***** Data records *****

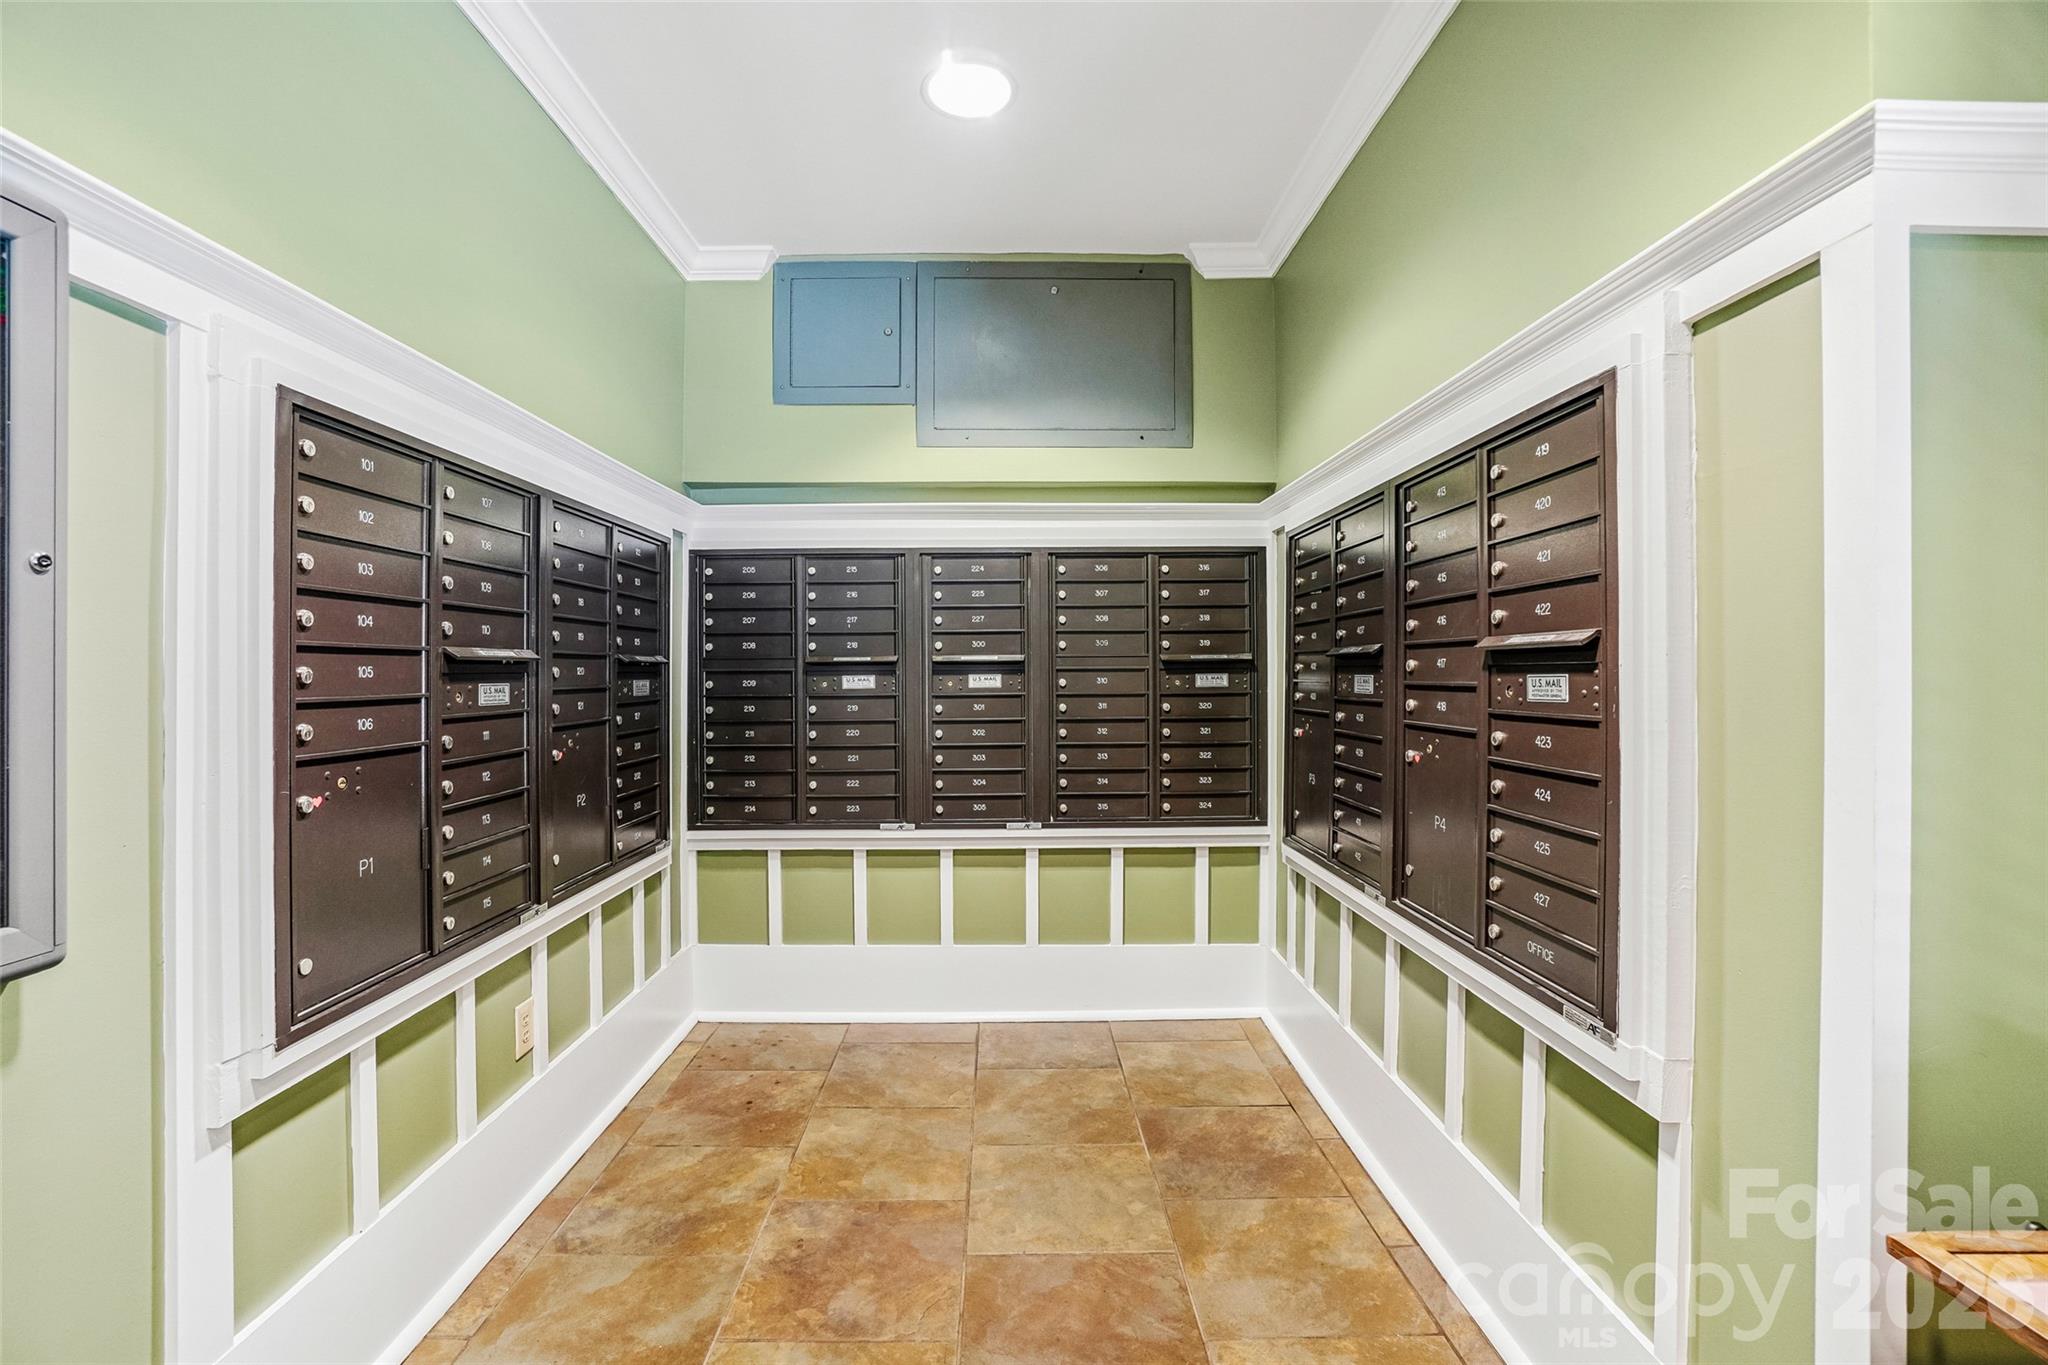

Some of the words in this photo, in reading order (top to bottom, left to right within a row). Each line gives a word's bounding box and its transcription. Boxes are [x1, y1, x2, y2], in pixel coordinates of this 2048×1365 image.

[1535, 442, 1550, 457] 419
[361, 458, 374, 473] 101
[1534, 495, 1552, 511] 420
[358, 509, 374, 525] 102
[1536, 549, 1551, 563] 421
[357, 562, 374, 576] 103
[970, 564, 985, 573] 224
[1094, 564, 1109, 572] 306
[1198, 563, 1210, 571] 316
[971, 590, 985, 598] 225
[1094, 589, 1109, 597] 307
[1198, 588, 1210, 597] 317
[1534, 602, 1552, 616] 422
[357, 614, 374, 628] 104
[742, 616, 756, 624] 207
[846, 615, 858, 624] 217
[971, 615, 985, 623] 227
[971, 640, 986, 648] 300
[1095, 639, 1109, 647] 309
[1199, 639, 1211, 647] 319
[357, 665, 374, 679] 105
[742, 679, 757, 687] 209
[1096, 677, 1108, 685] 310
[1545, 678, 1562, 688] MAIL
[743, 705, 756, 713] 210
[847, 704, 859, 712] 219
[972, 703, 985, 711] 301
[1097, 702, 1108, 710] 311
[1198, 702, 1213, 710] 320
[357, 717, 374, 731] 106
[744, 730, 755, 738] 211
[845, 729, 860, 737] 220
[972, 728, 986, 737] 302
[1096, 727, 1108, 735] 312
[1199, 727, 1212, 735] 321
[1534, 735, 1552, 749] 423
[744, 754, 756, 763] 212
[847, 754, 859, 762] 221
[972, 753, 986, 762] 303
[1096, 752, 1109, 760] 313
[1198, 751, 1212, 759] 322
[846, 779, 860, 787] 222
[972, 778, 987, 786] 304
[1096, 777, 1109, 785] 314
[1198, 776, 1213, 784] 323
[1534, 787, 1551, 803] 424
[576, 793, 587, 808] P2
[744, 805, 756, 813] 214
[1198, 801, 1213, 809] 324
[1434, 815, 1447, 833] P4
[1533, 840, 1551, 856] 425
[359, 856, 374, 878] P1
[1533, 891, 1551, 908] 427
[1526, 940, 1555, 965] OFFICE
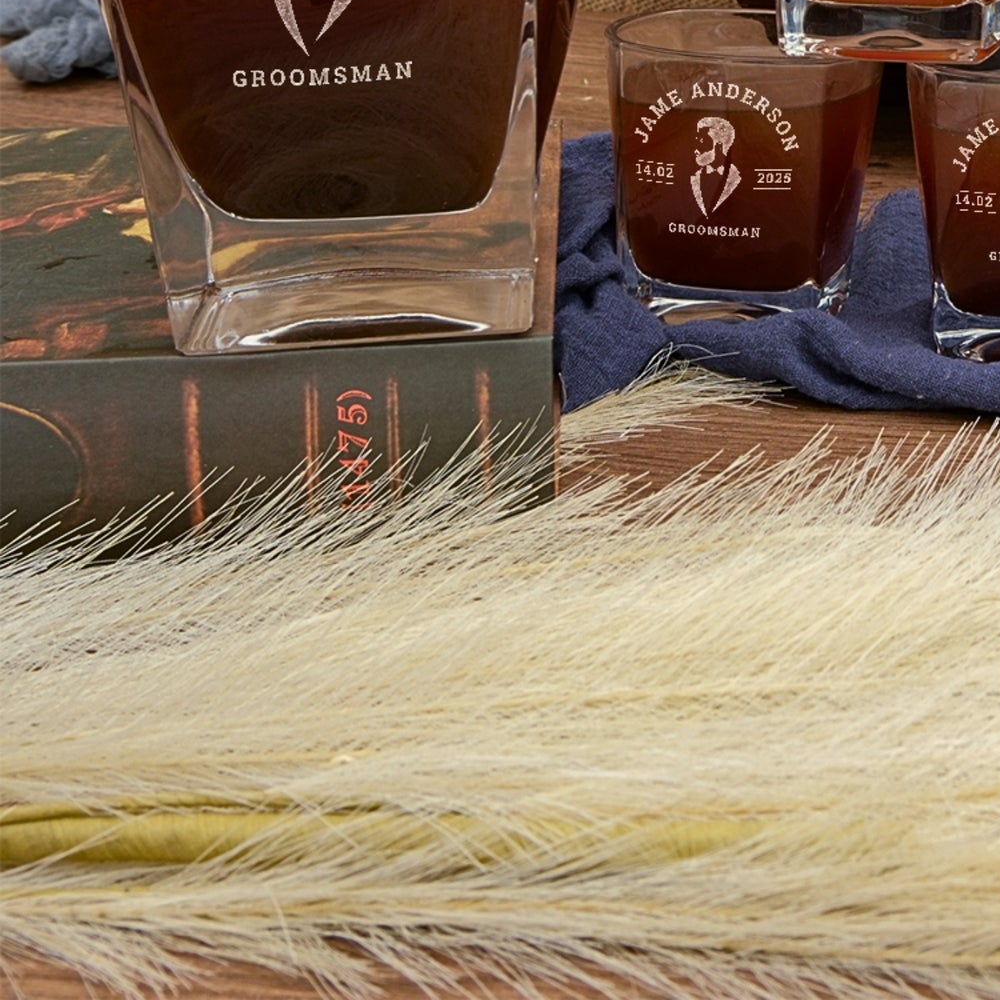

*****

What is expected: Would you output the data exactly, without any of its images?

Result for this task:
Some of the words in this photo, in reading order (top to bottom, left to right within a row). Each line gives a word's bounding box and its transcription. Boxes are [x1, y1, x2, y2], in pixel coordinates of this 2048×1365 image.

[1535, 442, 1550, 457] 419
[361, 458, 374, 473] 101
[1534, 495, 1552, 511] 420
[358, 509, 374, 525] 102
[1536, 549, 1551, 563] 421
[357, 562, 374, 576] 103
[970, 564, 985, 573] 224
[1094, 564, 1109, 572] 306
[1198, 563, 1210, 571] 316
[971, 590, 985, 598] 225
[1094, 589, 1109, 597] 307
[1198, 588, 1210, 597] 317
[1534, 602, 1552, 616] 422
[357, 614, 374, 628] 104
[742, 616, 756, 624] 207
[846, 615, 858, 624] 217
[971, 615, 985, 623] 227
[971, 640, 986, 648] 300
[1095, 639, 1109, 647] 309
[1199, 639, 1211, 647] 319
[357, 665, 374, 679] 105
[742, 679, 757, 687] 209
[1096, 677, 1108, 685] 310
[1545, 678, 1562, 688] MAIL
[743, 705, 756, 713] 210
[847, 704, 859, 712] 219
[972, 703, 985, 711] 301
[1097, 702, 1108, 710] 311
[1198, 702, 1213, 710] 320
[357, 717, 374, 731] 106
[744, 730, 755, 738] 211
[845, 729, 860, 737] 220
[972, 728, 986, 737] 302
[1096, 727, 1108, 735] 312
[1199, 727, 1212, 735] 321
[1534, 735, 1552, 749] 423
[744, 754, 756, 763] 212
[847, 754, 859, 762] 221
[972, 753, 986, 762] 303
[1096, 752, 1109, 760] 313
[1198, 751, 1212, 759] 322
[846, 779, 860, 787] 222
[972, 778, 987, 786] 304
[1096, 777, 1109, 785] 314
[1198, 776, 1213, 784] 323
[1534, 787, 1551, 803] 424
[576, 793, 587, 808] P2
[744, 805, 756, 813] 214
[1198, 801, 1213, 809] 324
[1434, 815, 1447, 833] P4
[1533, 840, 1551, 856] 425
[359, 856, 374, 878] P1
[1533, 891, 1551, 908] 427
[1526, 940, 1555, 965] OFFICE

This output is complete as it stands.